Shamick Patel, 16, took to cricket in a big way only recently, even though he watched the last World Cup. Patel's father, a garment store owner in Southall, does not have the time to watch cricket. But Shamick plans to hook up with his uncle and watch all the cricket matches, especially India matches. Much as he likes Saurav Ganguly's and his boys, Shamick expects Australia will win the Cup.
And much as the "Tebbit Test" unites Indians, Pakistanis, Sri Lankans and Bangladeshis alike, there are smaller tugs-of-war among the subcontinental brethren.
Sure, they all live harmoniously together. "We play together in the local team, and we can be immune to the political issues that surround our respective countries and its games," says Sunil Arora. Yet, if England were playing Pakistan, the British Indians would support England.

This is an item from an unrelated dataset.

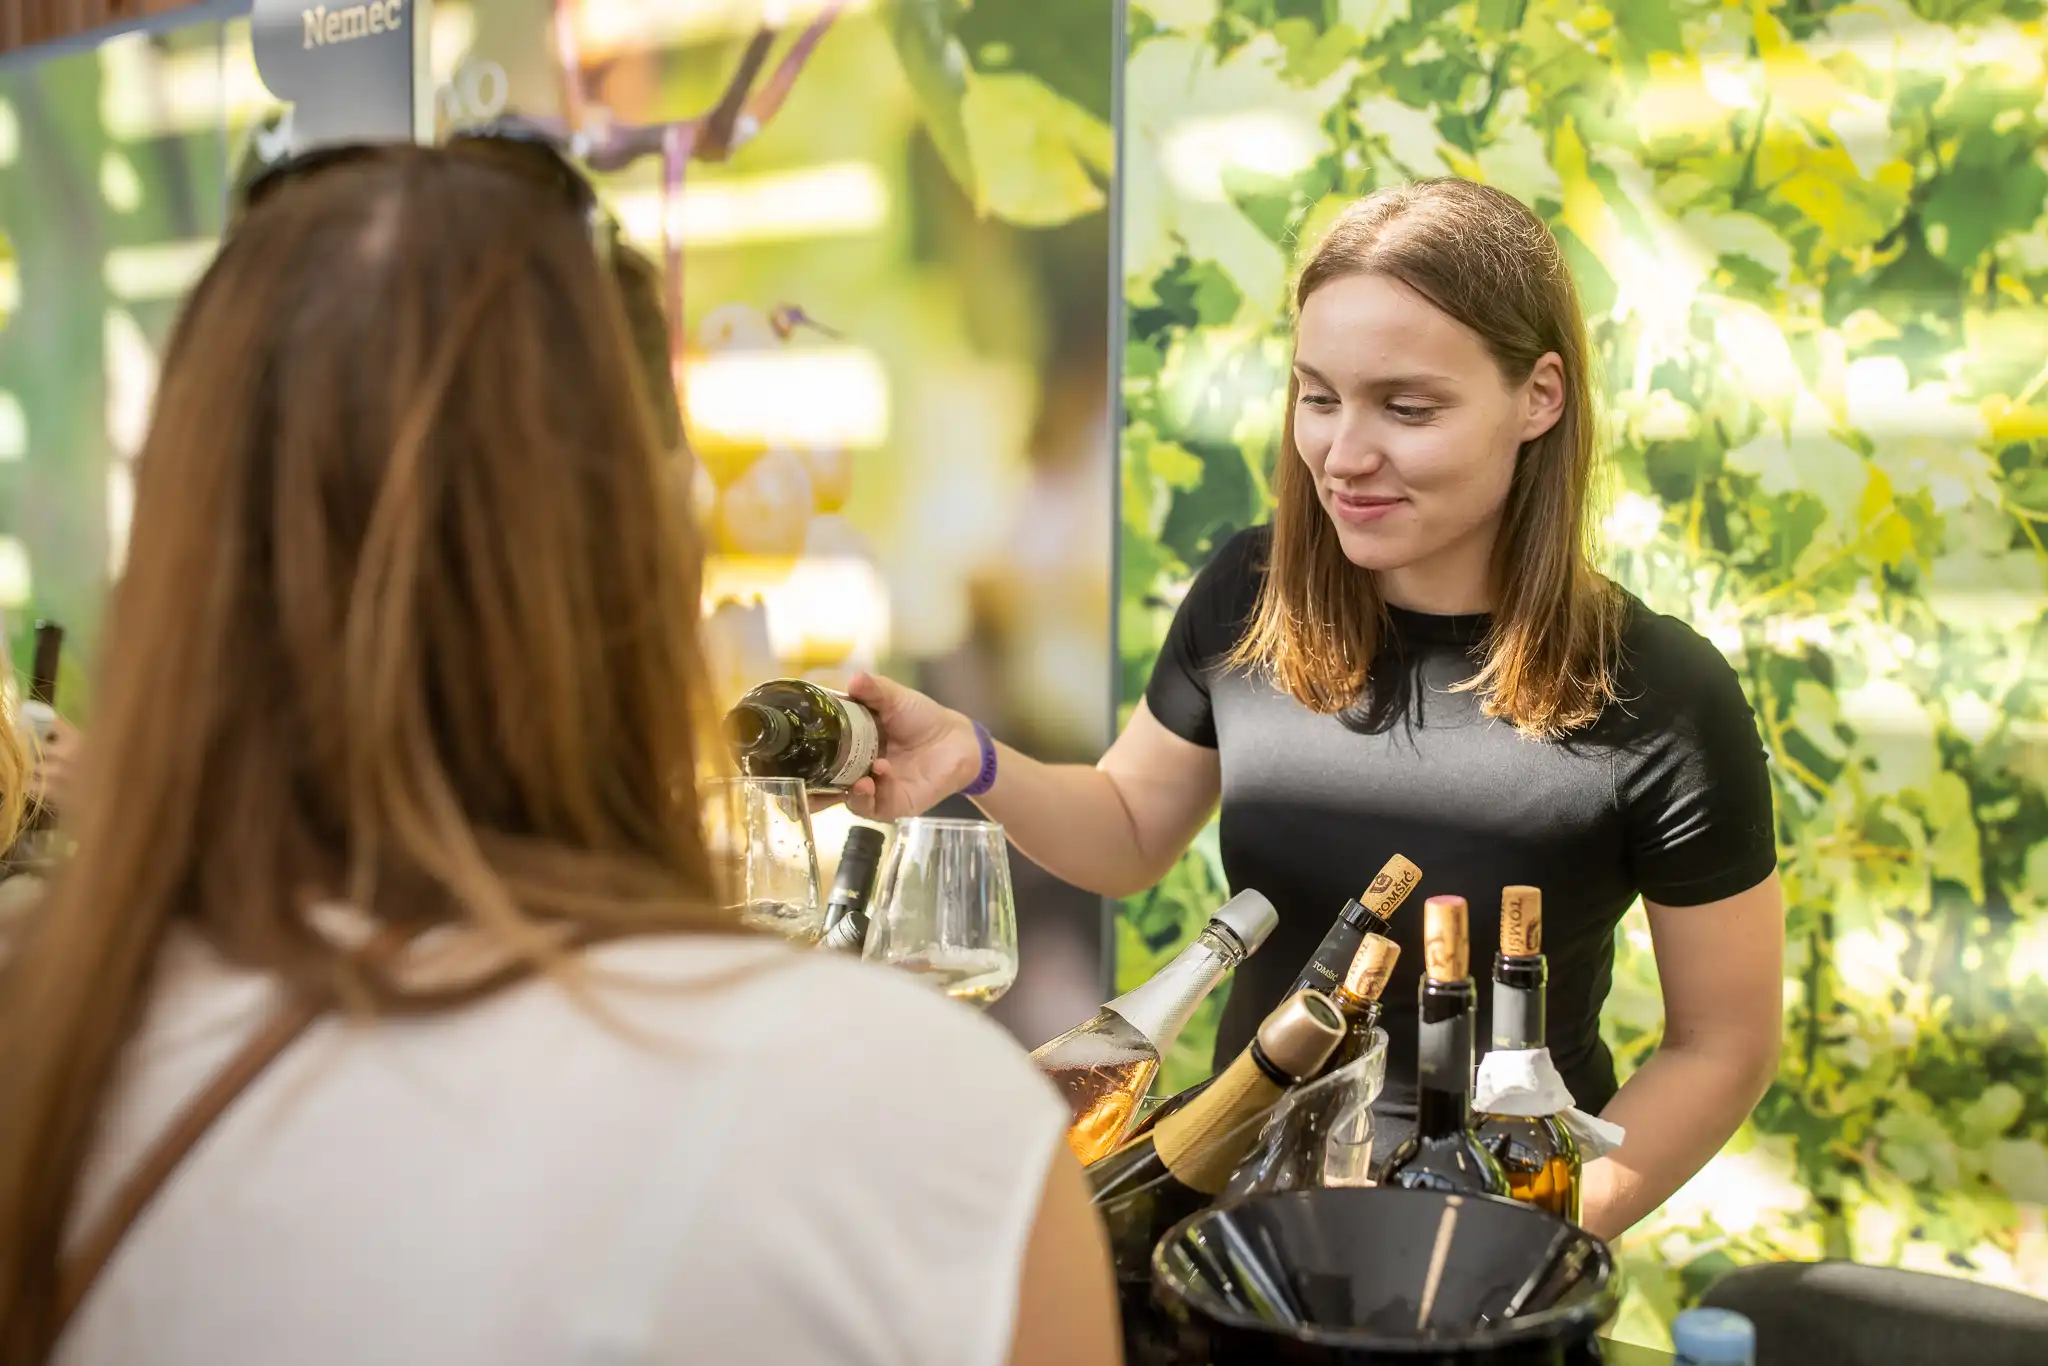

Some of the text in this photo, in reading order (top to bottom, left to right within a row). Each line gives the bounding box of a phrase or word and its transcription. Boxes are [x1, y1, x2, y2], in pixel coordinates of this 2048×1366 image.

[302, 0, 402, 49] Nemec
[1376, 870, 1415, 917] TOMŠIĆ
[1312, 960, 1339, 982] TOMŠIĆ

But it is when India meets Pakistan that the unity will face its biggest test. Zebunnisa Hamid, a Pakistani student, and her Indian friends are getting together to watch the match at an English friend's house. "This match, regardless of the result, will be the most fun to watch, because we have not been able to see our two teams on the same pitch for such a long time," she says.
Adds Arora: "The passion with which these countries play is what cricket is about. They have the pressure of one billion people beating down upon them. No one in India will say 'At least you tried,' like they would say to English cricket players here. In India, they say 'You only tried'." The Indian cricket team not only has pressure from one billion Indians but also from the strong pravasi bharatiya community here too.
After a disastrous tour in New Zealand, the jury is still out here on whether India stands a chance in South Africa.
Without Shane Warne now in the Australian side, will things be better for India on Saturday? "Not much," says Subhash Kamath, a 49-year-old chartered accountant. "The Australian team is strong even without Warne and I think it will win the Cup".
But the hope to see India lift the World Cup after 20 years is stronger than the strength of the Australian side for Arora: "In my heart, India has to win the World Cup. They have the best team. They should muster the best attitude and win." Amen.